Dataset records:
————

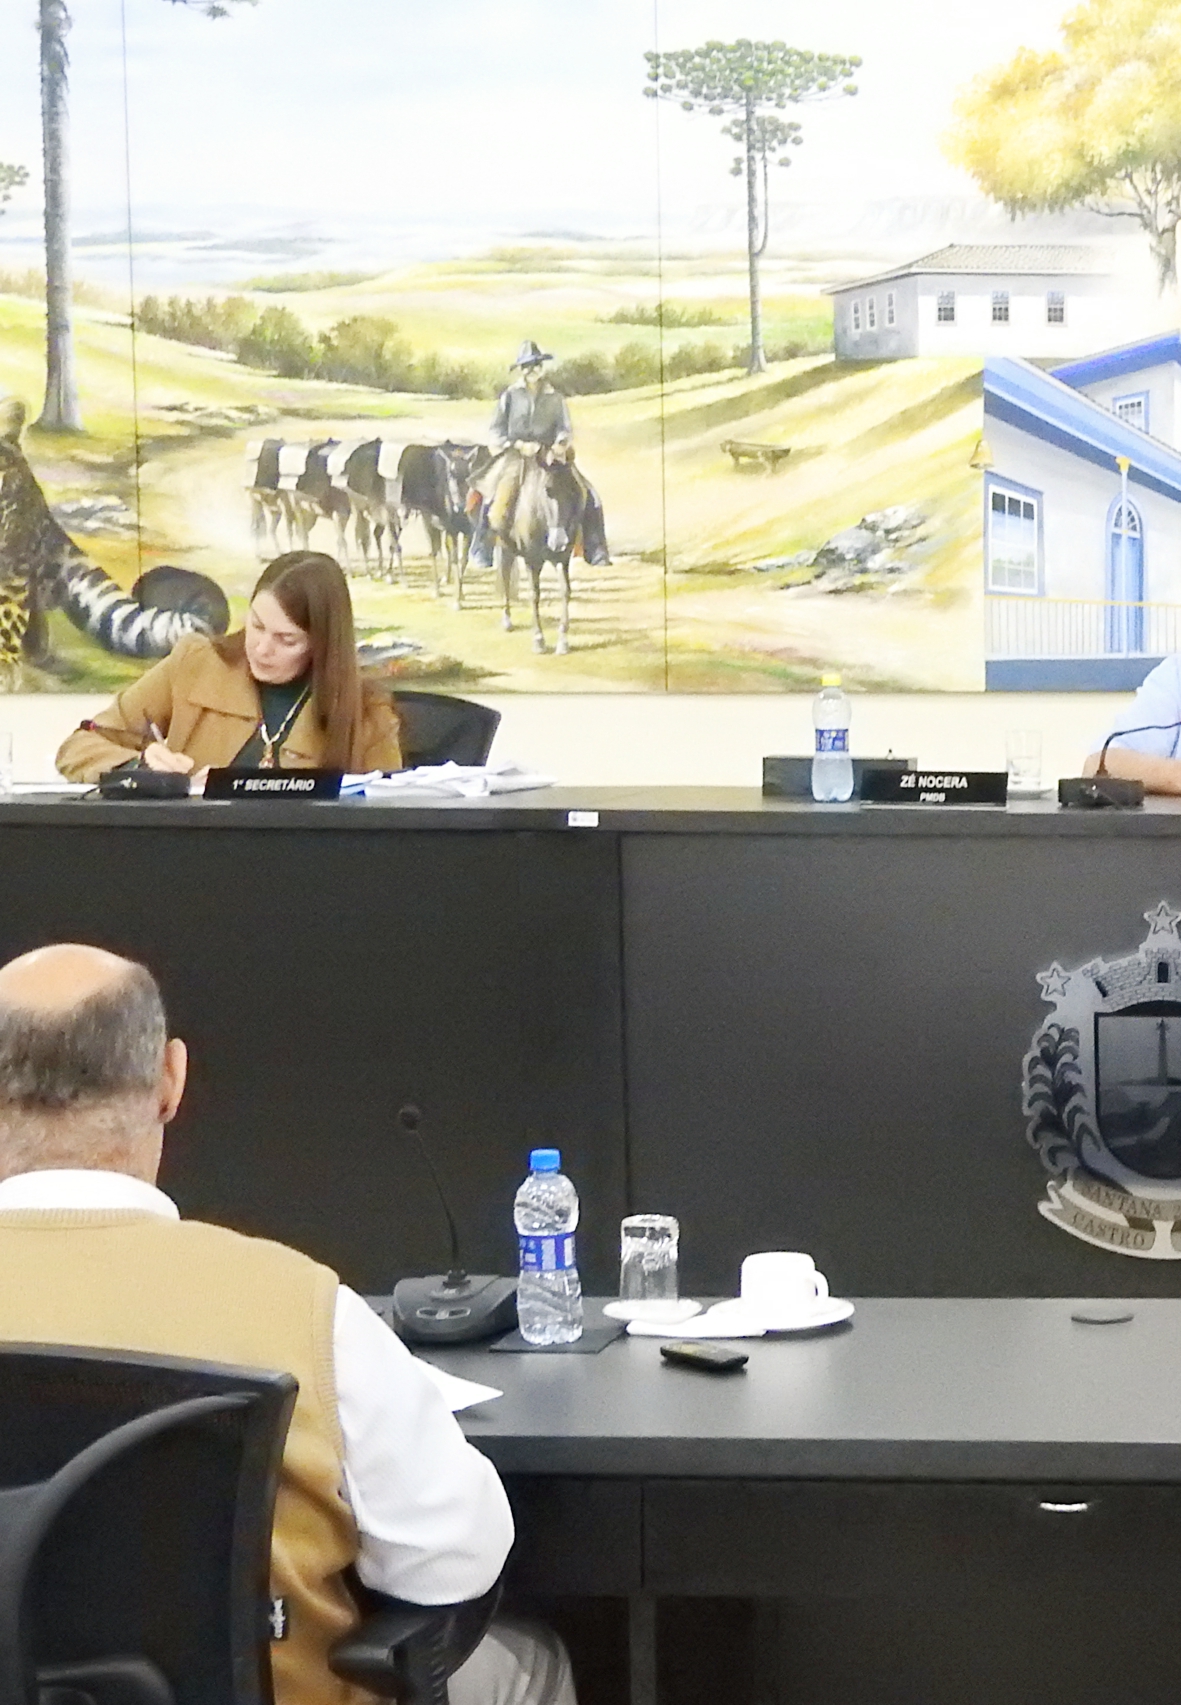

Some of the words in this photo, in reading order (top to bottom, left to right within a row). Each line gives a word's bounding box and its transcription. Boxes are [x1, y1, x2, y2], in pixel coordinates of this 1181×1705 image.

[244, 777, 316, 792] SECRETÁRIO
[899, 773, 915, 789] ZÉ
[917, 775, 969, 789] NOCERA
[919, 792, 946, 803] PMDB
[1072, 1211, 1146, 1247] CASTRO
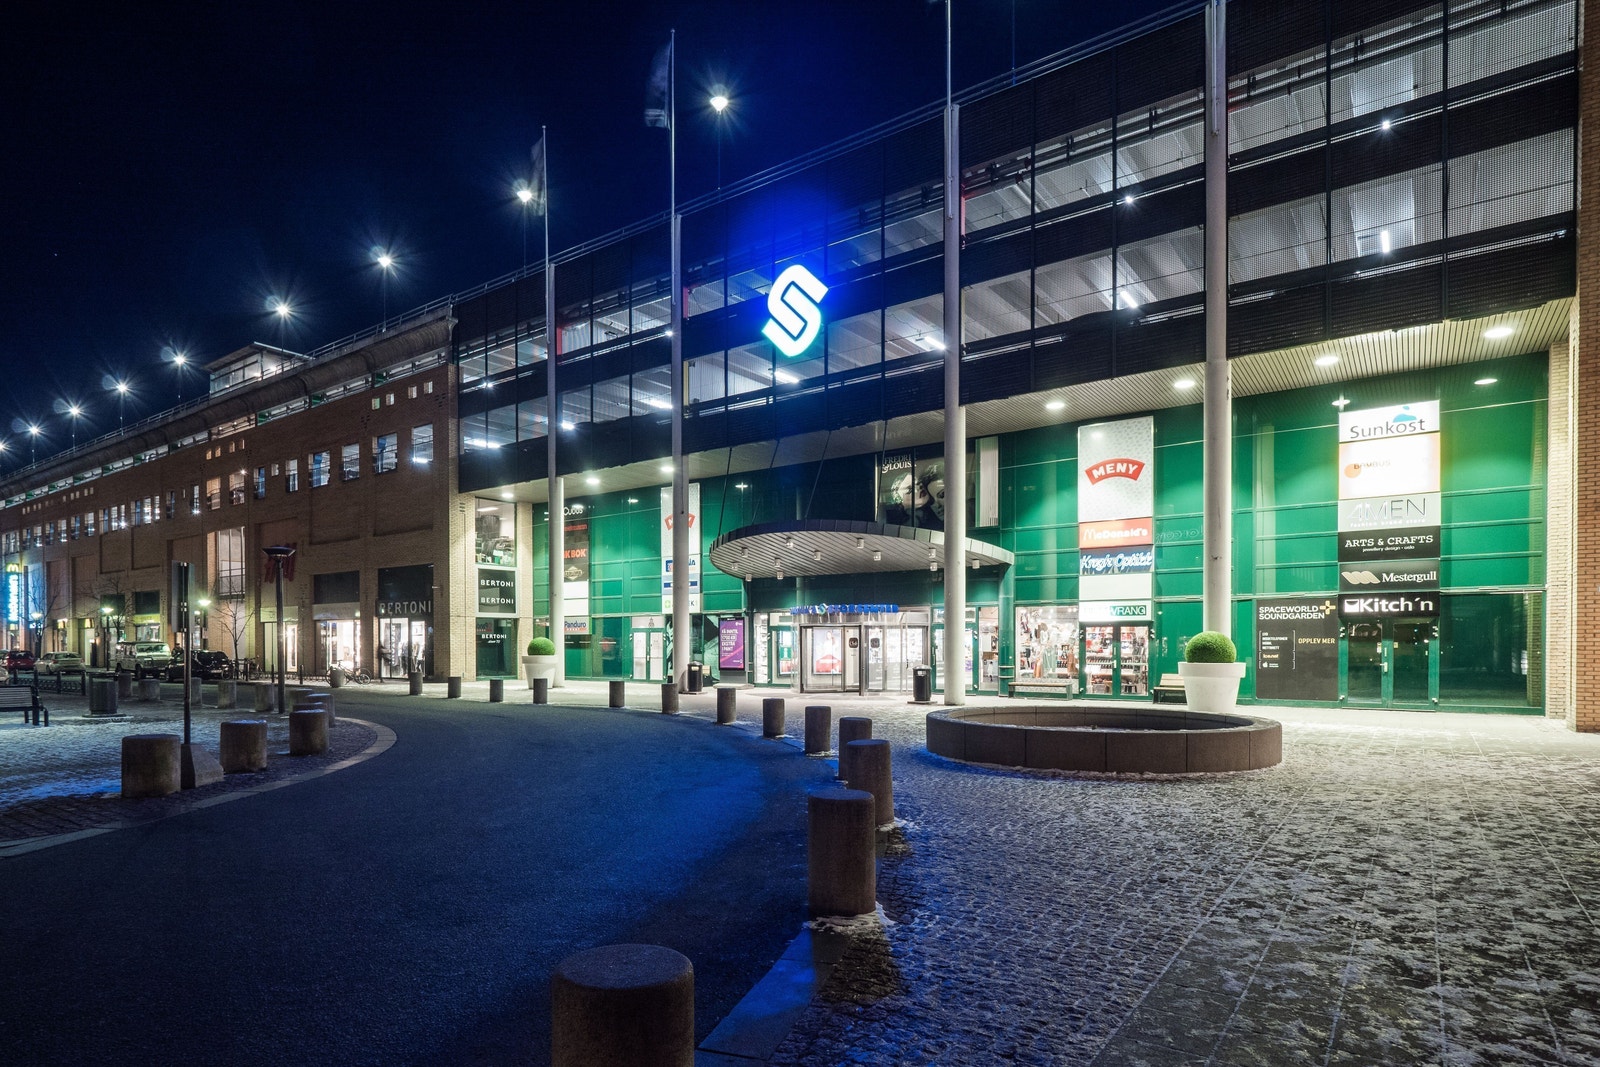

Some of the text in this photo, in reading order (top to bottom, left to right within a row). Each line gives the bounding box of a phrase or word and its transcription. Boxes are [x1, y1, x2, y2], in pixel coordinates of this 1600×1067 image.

[1350, 418, 1426, 439] Sunkost
[884, 454, 917, 464] FREDRI
[1091, 462, 1139, 480] MENY
[1345, 535, 1433, 548] ARTS & CRAFTS
[571, 548, 586, 557] BOK
[1382, 571, 1437, 583] Mestergull
[480, 579, 514, 587] BERTONI
[380, 600, 431, 614] BERTONI
[1259, 605, 1319, 614] SPACEWORLD
[1358, 597, 1433, 613] Kitch'n
[1259, 612, 1325, 620] SOUNDGARDEN
[564, 620, 587, 628] Panduro
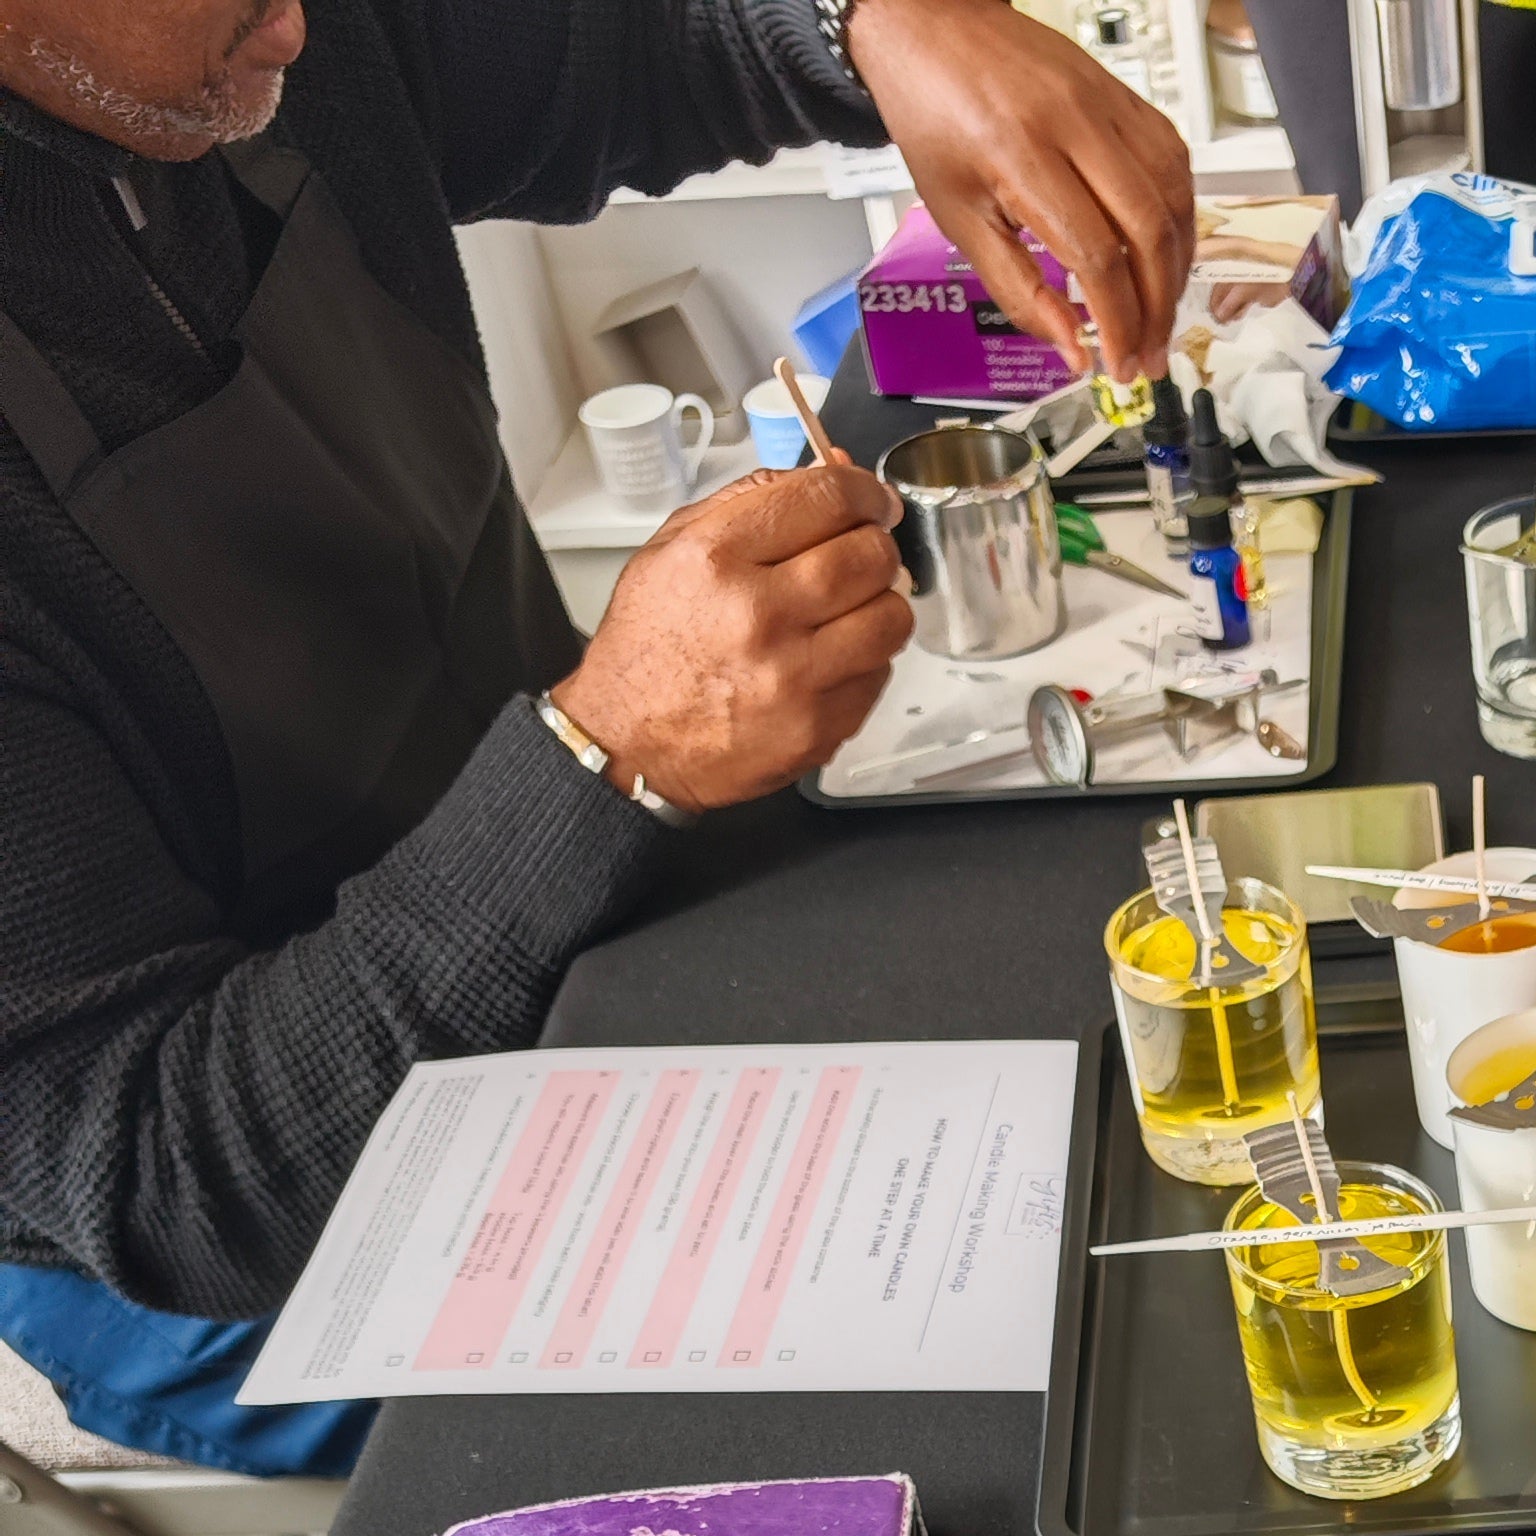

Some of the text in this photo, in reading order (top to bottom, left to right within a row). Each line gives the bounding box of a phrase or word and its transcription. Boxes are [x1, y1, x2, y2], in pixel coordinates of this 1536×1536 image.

[859, 284, 968, 313] 233413
[867, 1157, 910, 1258] ONE STEP AT A TIME
[881, 1117, 949, 1302] HOW TO MAKE YOUR OWN CANDLES
[946, 1123, 1014, 1294] Candle Making Workshop
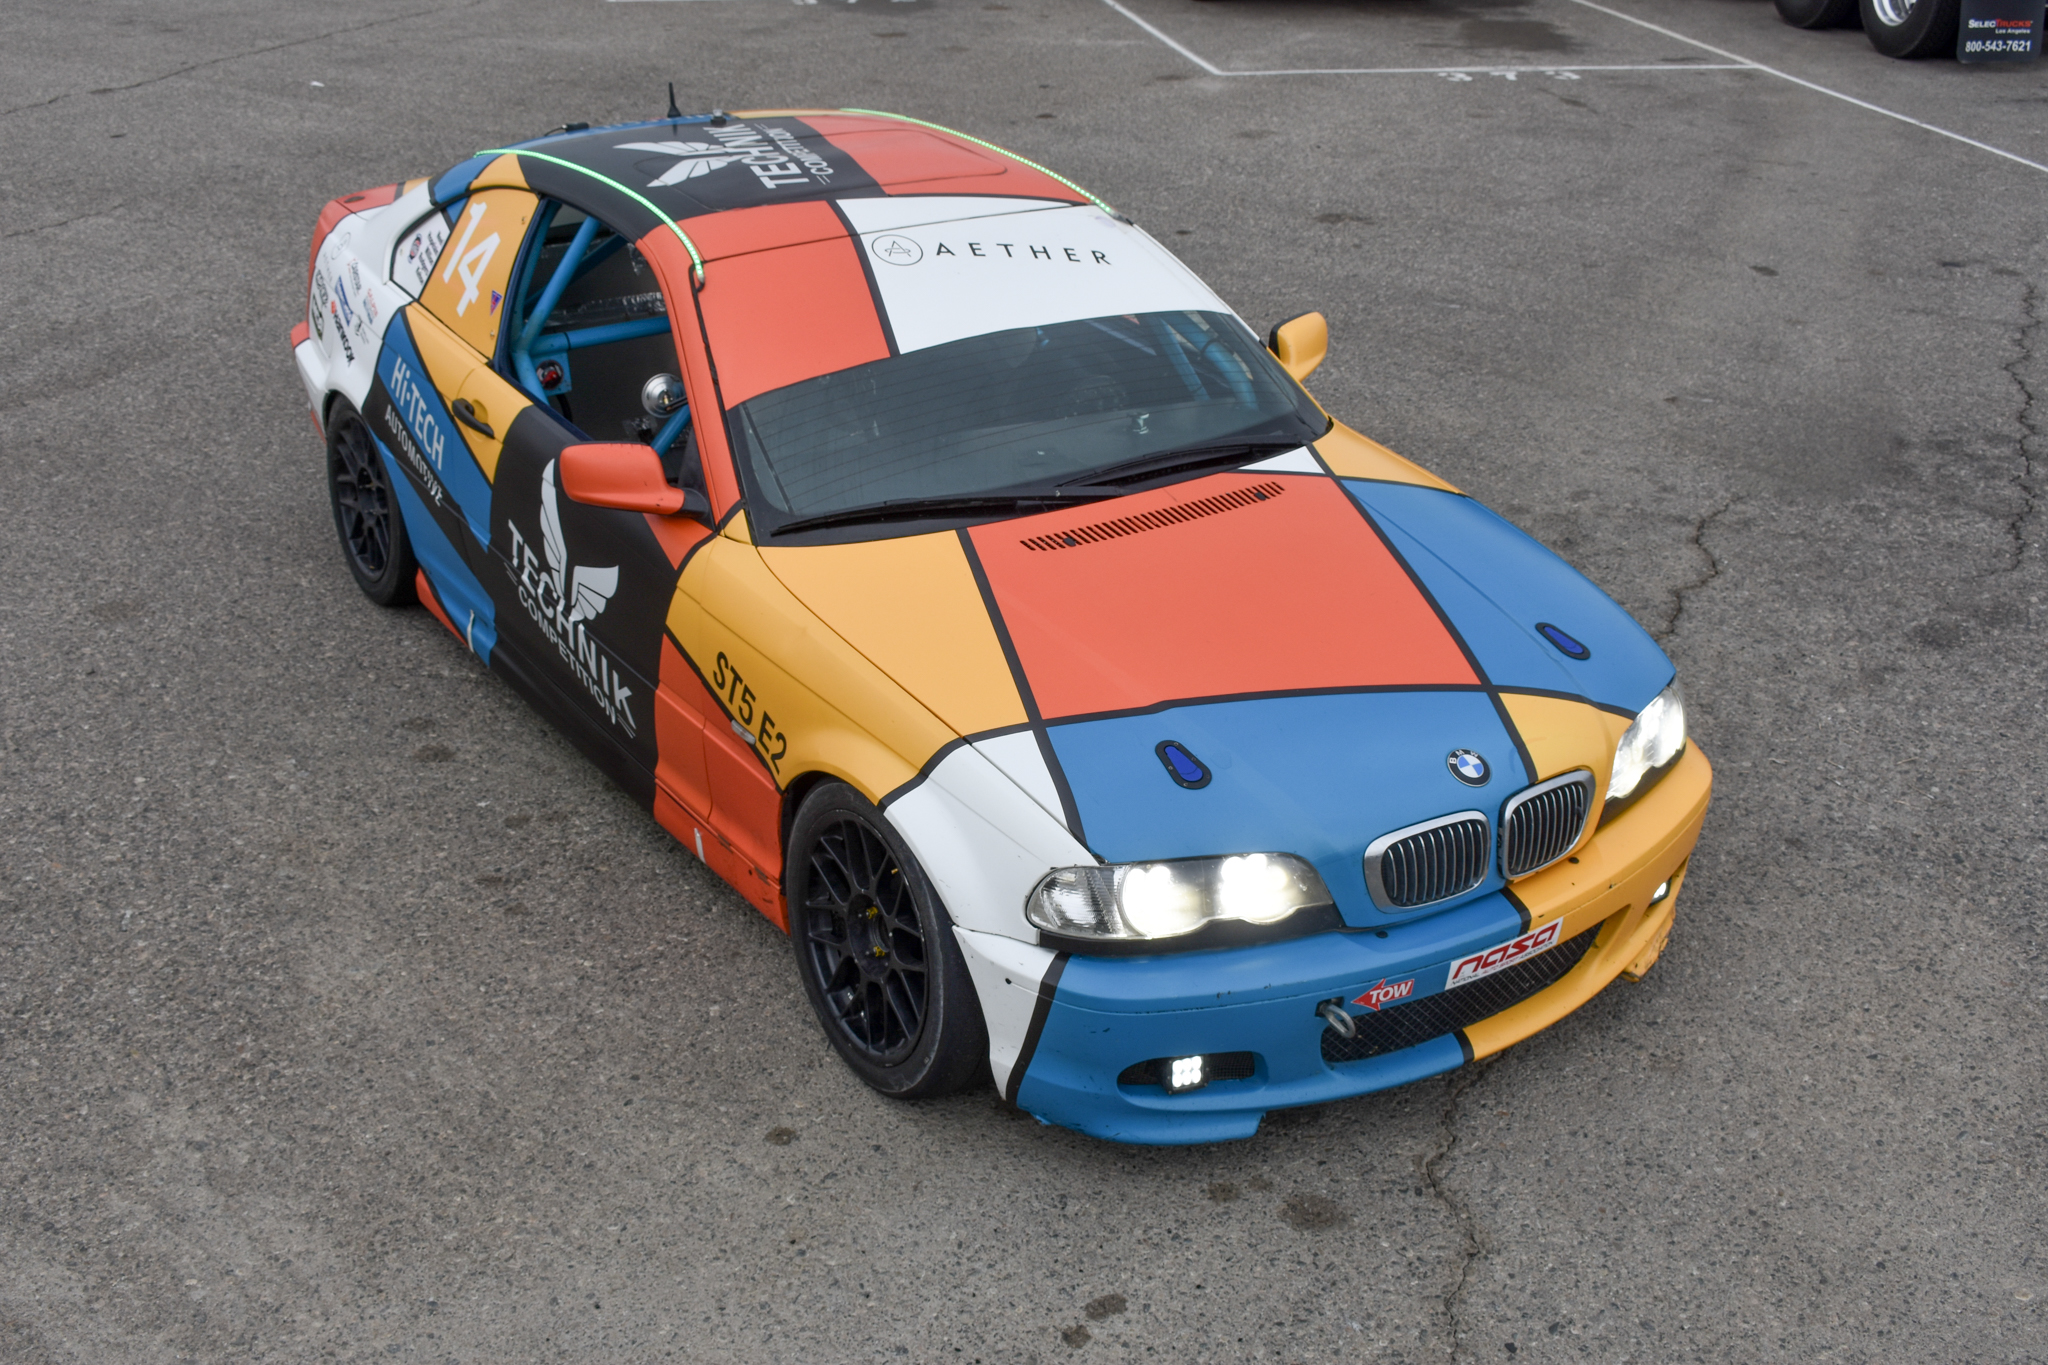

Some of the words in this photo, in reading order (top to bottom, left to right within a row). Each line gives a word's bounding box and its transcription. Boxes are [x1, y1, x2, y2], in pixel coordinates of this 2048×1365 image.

[1965, 40, 2031, 53] 800-543-7621
[703, 123, 810, 189] TECHNIK
[442, 202, 500, 317] 14
[936, 242, 1112, 265] AETHER
[384, 404, 444, 507] AUTOMOTIVE
[507, 519, 637, 730] TECHNIK
[518, 584, 617, 725] COMPETITION
[712, 651, 757, 726] ST5
[758, 710, 788, 776] E2
[1369, 981, 1412, 1005] TOW

————

Work required:
Output consists of exactly the lines from the one containing "this 2048×1365 image." to the end of the records above, retyped without change and with nothing extra.

The answer:
Some of the words in this photo, in reading order (top to bottom, left to right within a row). Each line gives a word's bounding box and its transcription. Boxes are [x1, y1, x2, y2], in pixel coordinates of this 2048×1365 image.

[1965, 40, 2031, 53] 800-543-7621
[703, 123, 810, 189] TECHNIK
[442, 202, 500, 317] 14
[936, 242, 1112, 265] AETHER
[384, 404, 444, 507] AUTOMOTIVE
[507, 519, 637, 730] TECHNIK
[518, 584, 617, 725] COMPETITION
[712, 651, 757, 726] ST5
[758, 710, 788, 776] E2
[1369, 981, 1412, 1005] TOW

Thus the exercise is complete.